Salvadora Medina Onrubia (pen name: Dr. Brea; March 23, 1894July 21, 1972) was an Argentine storyteller, poet, anarchist and feminist.

Biography
Salvadora Medina Onrubia was born March 23, 1894, in La Plata, Buenos Aires Province. At the age of 15, she embraced the cause of the young anarchist from Russia, Simón Radowitzky, After and began a friendship with him by correspondence.

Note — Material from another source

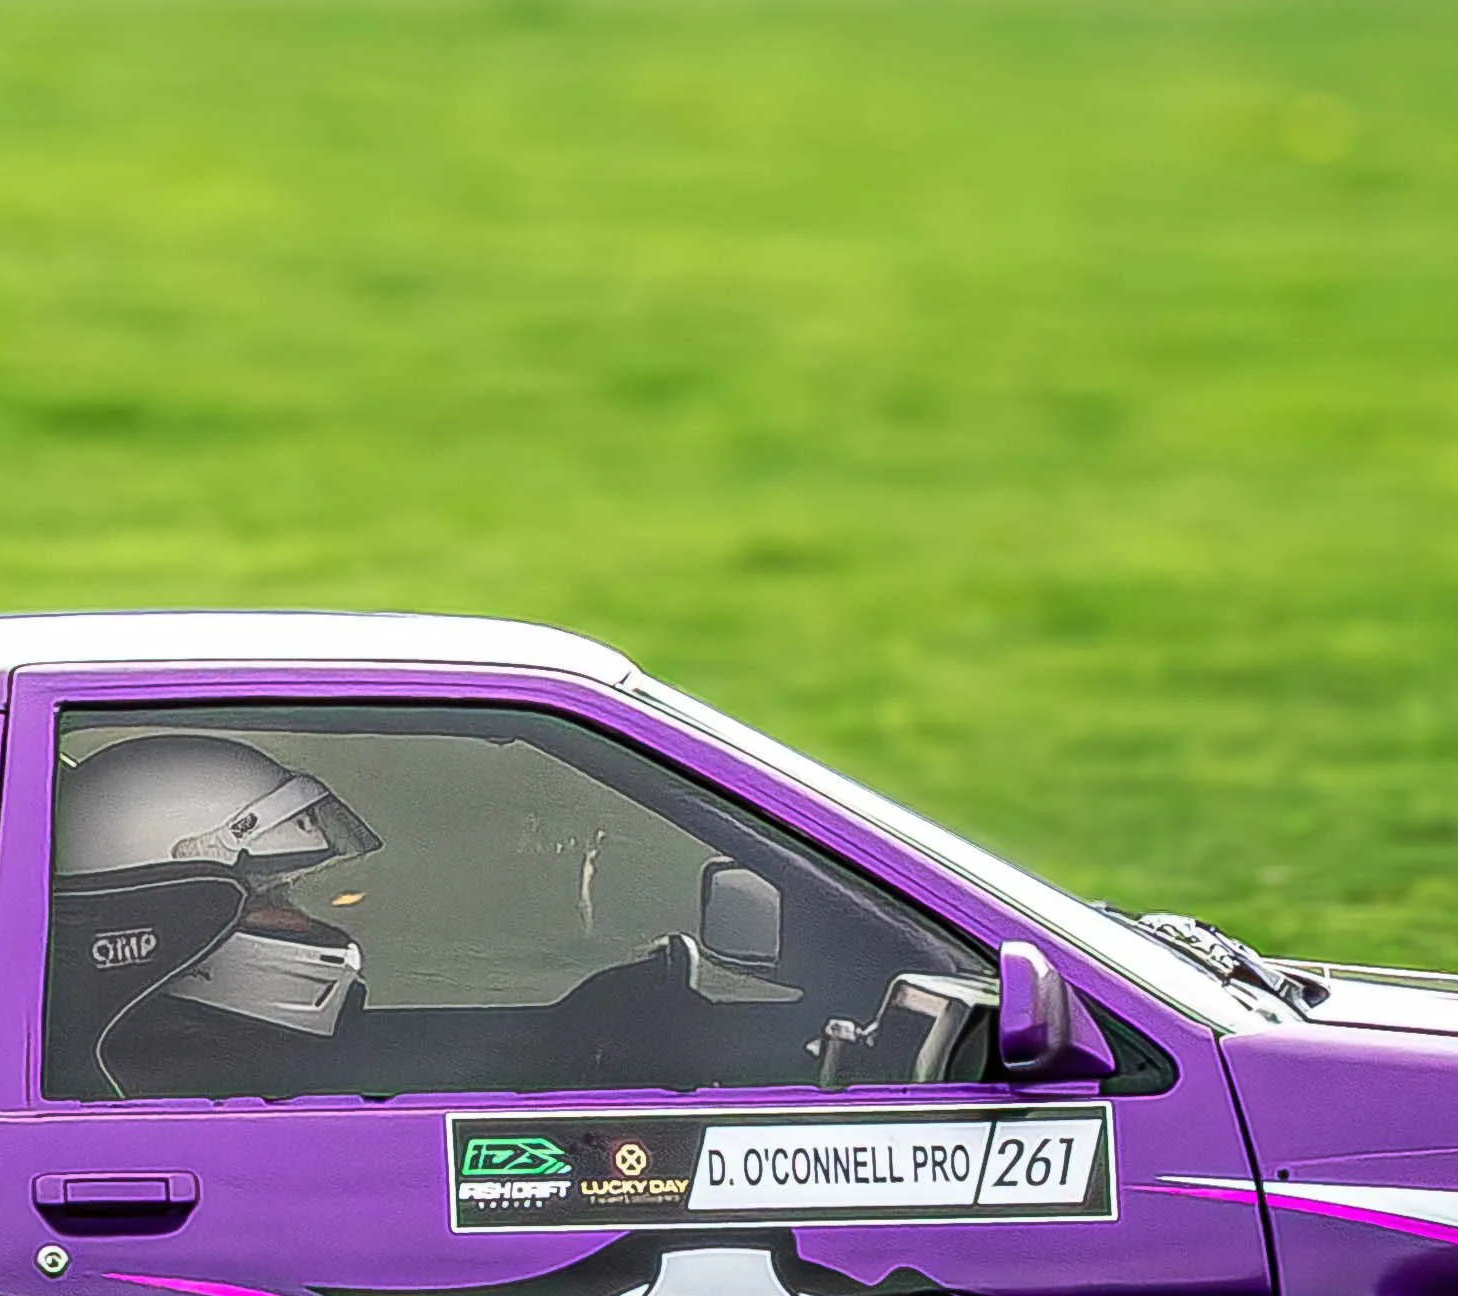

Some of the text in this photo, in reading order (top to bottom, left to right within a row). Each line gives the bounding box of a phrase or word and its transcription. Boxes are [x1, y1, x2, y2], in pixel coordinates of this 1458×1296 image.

[708, 1143, 971, 1187] D. O'CONNELL PRO
[992, 1137, 1076, 1188] 261
[581, 1179, 690, 1195] LUCKY DAY

In February 1912, a month before Medina's 18th birthday, her first child, Carlos "Pitón", was born. In 1913, she began her literary activity in Gualeguay and in the Buenos Aires media, including at the magazine Fray Mocho. In the middle of that year, she moved from Entre Ríos to the City of Buenos Aires and began working for the anarchist newspaper, La Protesta. Soon after, she met Natalio Botana, a young journalist who collaborated with the magazine P.B.T. Natalio gave his surname to Salvadora's son and together they had three more children: Helvio Ildefonso, Jaime Alberto and Georgina Nicolasa. In 1919, Medina married Botana, after the birth of her youngest daughter. Botana had established the newspaper Crítica, which Medina directed between 1946 and 1951 after her husband's death.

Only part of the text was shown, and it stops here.